EXERCISE OBJECTIVE >>
Each entry is to be retyped without alteration, and no picture is to be included.

------ RECORD EXTRACTS

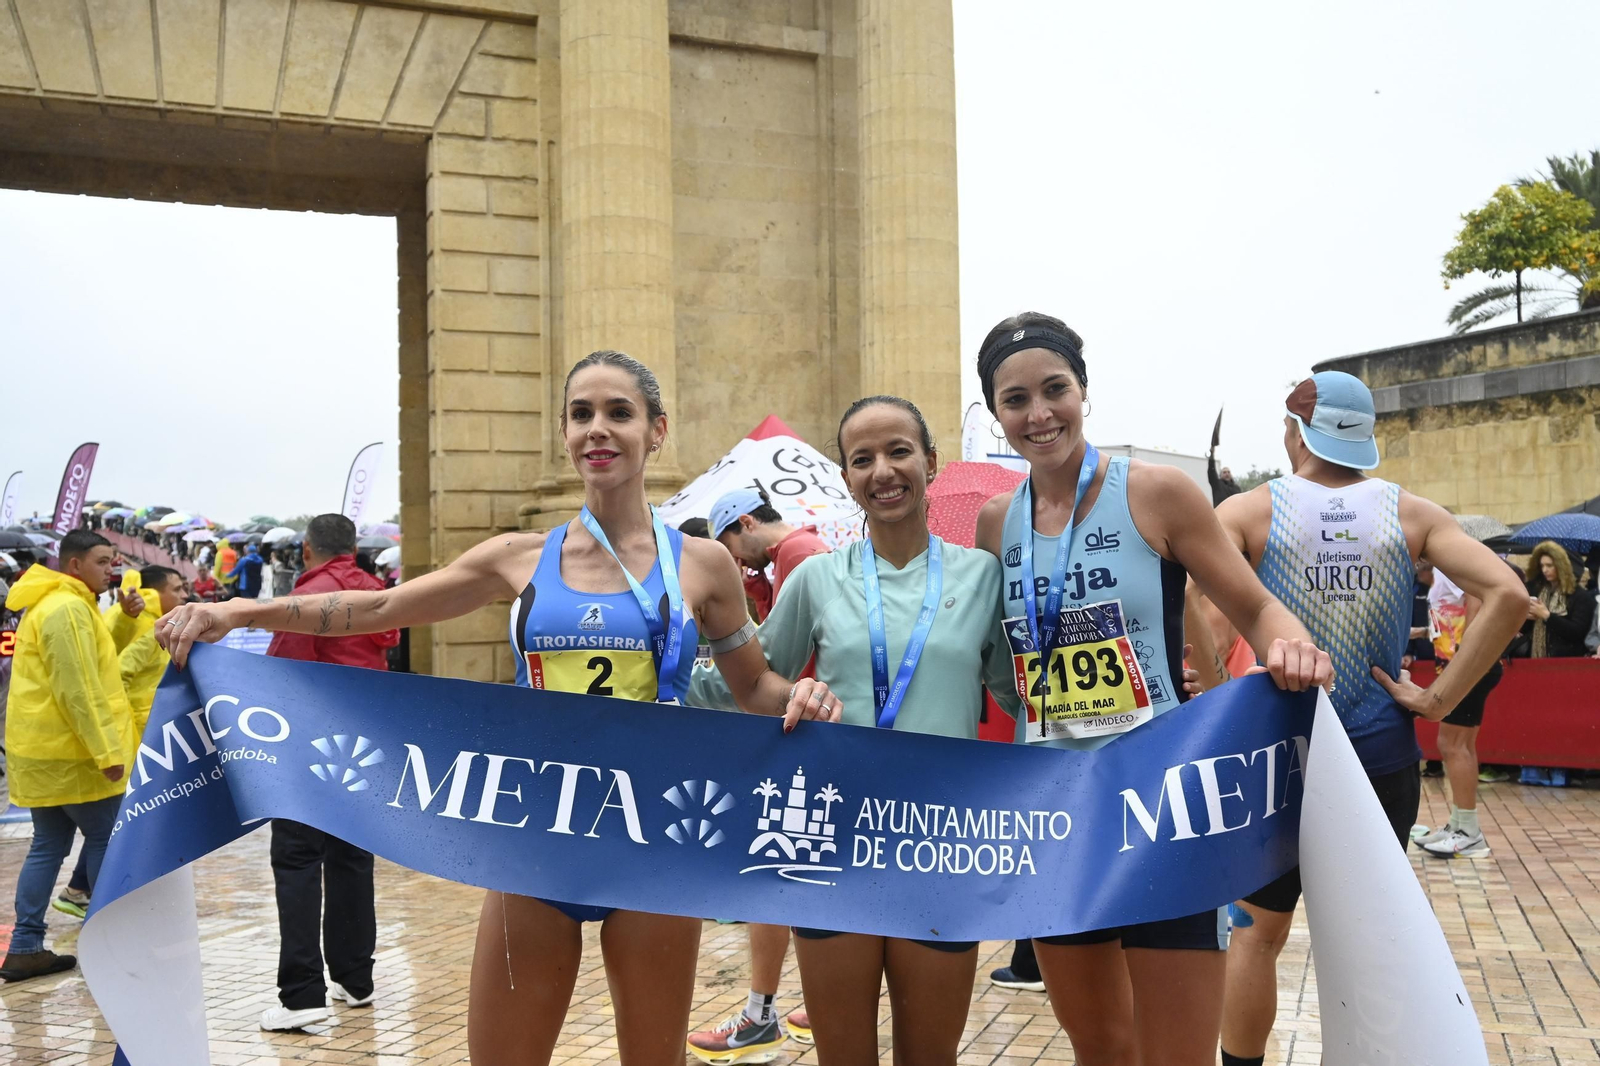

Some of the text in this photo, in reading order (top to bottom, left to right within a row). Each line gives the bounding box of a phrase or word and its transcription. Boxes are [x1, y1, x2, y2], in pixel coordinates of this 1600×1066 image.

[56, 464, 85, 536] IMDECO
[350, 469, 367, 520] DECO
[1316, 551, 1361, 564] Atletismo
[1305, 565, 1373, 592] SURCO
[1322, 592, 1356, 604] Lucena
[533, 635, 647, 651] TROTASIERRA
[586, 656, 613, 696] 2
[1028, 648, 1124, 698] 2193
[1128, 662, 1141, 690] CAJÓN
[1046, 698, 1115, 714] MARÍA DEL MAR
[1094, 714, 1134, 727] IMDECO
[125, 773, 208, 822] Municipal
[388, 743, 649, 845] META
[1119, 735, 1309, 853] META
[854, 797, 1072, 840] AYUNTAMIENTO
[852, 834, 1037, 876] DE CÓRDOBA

------------

COMPLETED TASK >>
Some of the text in this photo, in reading order (top to bottom, left to right within a row). Each line gives the bounding box of a phrase or word and its transcription. Boxes are [x1, y1, x2, y2], in pixel coordinates of this 1600×1066 image.

[56, 464, 85, 536] IMDECO
[350, 469, 367, 520] DECO
[1316, 551, 1361, 564] Atletismo
[1305, 565, 1373, 592] SURCO
[1322, 592, 1356, 604] Lucena
[533, 635, 647, 651] TROTASIERRA
[586, 656, 613, 696] 2
[1028, 648, 1124, 698] 2193
[1128, 662, 1141, 690] CAJÓN
[1046, 698, 1115, 714] MARÍA DEL MAR
[1094, 714, 1134, 727] IMDECO
[125, 773, 208, 822] Municipal
[388, 743, 649, 845] META
[1119, 735, 1309, 853] META
[854, 797, 1072, 840] AYUNTAMIENTO
[852, 834, 1037, 876] DE CÓRDOBA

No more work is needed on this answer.